漂う:北京で生き抜くチベット人親子
機関名 ストーリーズ・ザット・マター
トライポッドメディア
国/地域名

アメリカ/中国

メディア 映画
(エドウィナ・ワディ)
ジャスリン・フォード制作・監督のこの映画作品は、チベット人たちの生活を紹介する貴重な扉になりました。故郷の村だけではなく、中国の大都市で懸命に生きる彼らの姿も伝えています。フォード氏は、この大叙事詩の主人公であるザンタと偶然に出会います。彼女が断ち切ることのできない因習にとらわれた家族関係 ―― それがこの作品の背景にあります。ここから私たちは、より良い人生のスタート地点に息子を立たせたいという母親の愛情、さらには今も続くチベットの家父長制度を目の当たりにしてゆきます。この作品は、教育の重要性、家族の絆の大切さ、また異文化間での相互理解の必要性などが、さまざまな面で描かれています。

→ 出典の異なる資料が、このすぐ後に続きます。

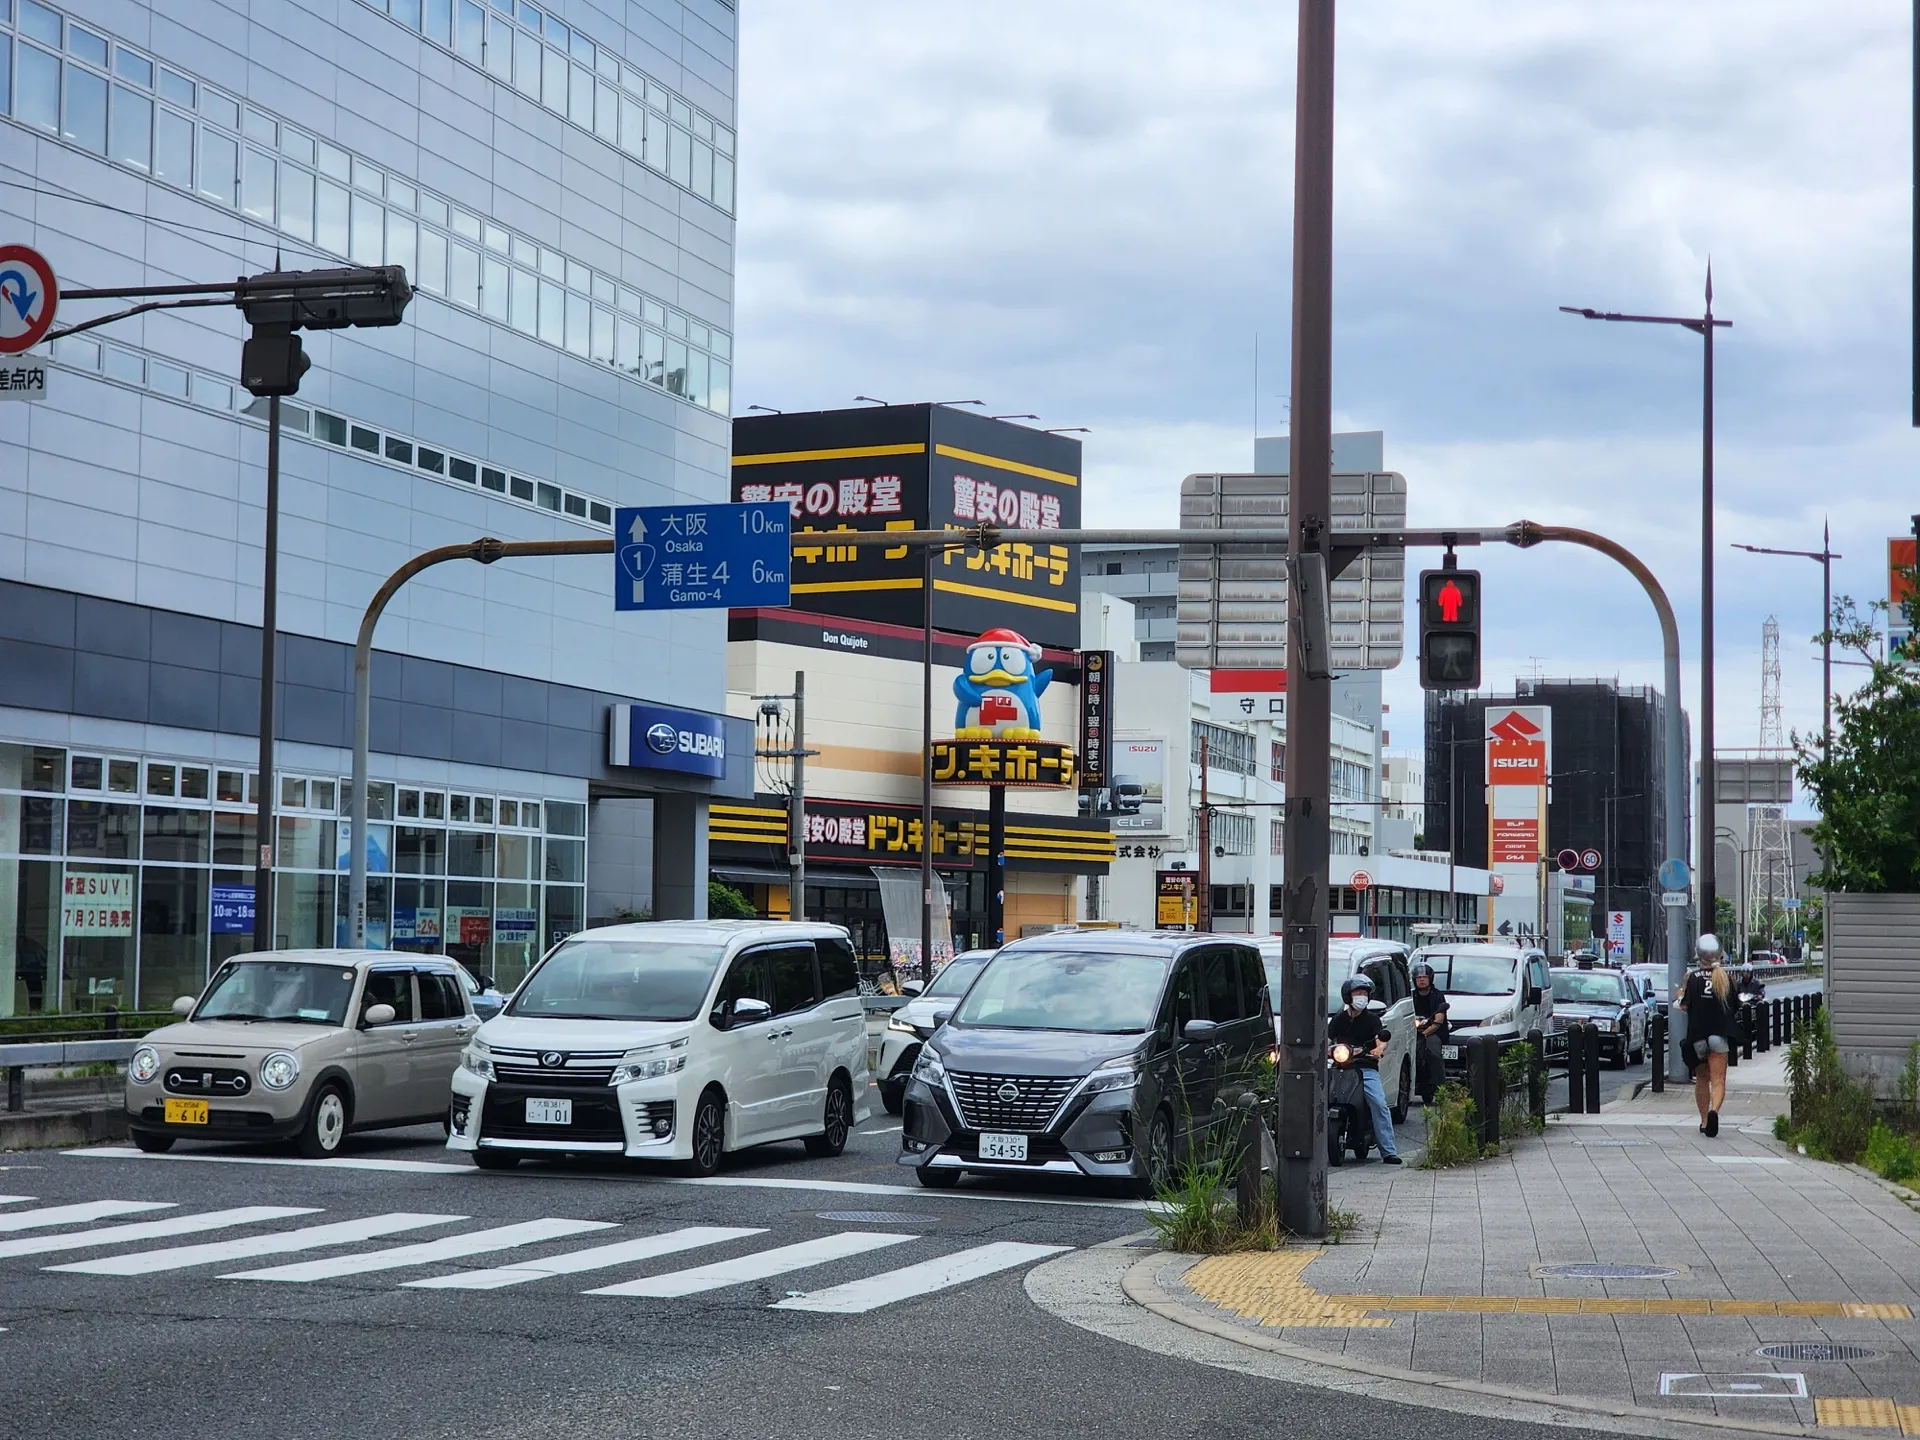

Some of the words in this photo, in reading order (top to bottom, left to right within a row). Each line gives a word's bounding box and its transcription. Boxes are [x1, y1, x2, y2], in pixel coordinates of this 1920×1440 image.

そしてまた、人の優しさを描いた物語でもあり、運命を変えてゆこうとする主人公の決意の物語でもあるのです。

(ジャスリン・フォード)
私はこの主題に思いがけず出会ってしまった、と言ってもいいでしょう。あの晩、私はザンタが陸橋の上でアクセサリーを売っているのを見て、近づいていきました。どうして漢民族の多い北京に、チベット人が住みたがるのか不思議だったのです。その時はこの出会いが映画になること、そしてその映画をもって世界中を旅することになることは予想もしていませんでした。ザンタが民族差別、性差別を克服していく物語が、より公正な世界を作るにはどうすればいいかという世界規模の議論に貢献してくれることを願っています。この映画をきっかけに日本の若者と中国の若者が語り合う機会を持つことになれば、監督として大変うれしく存じます。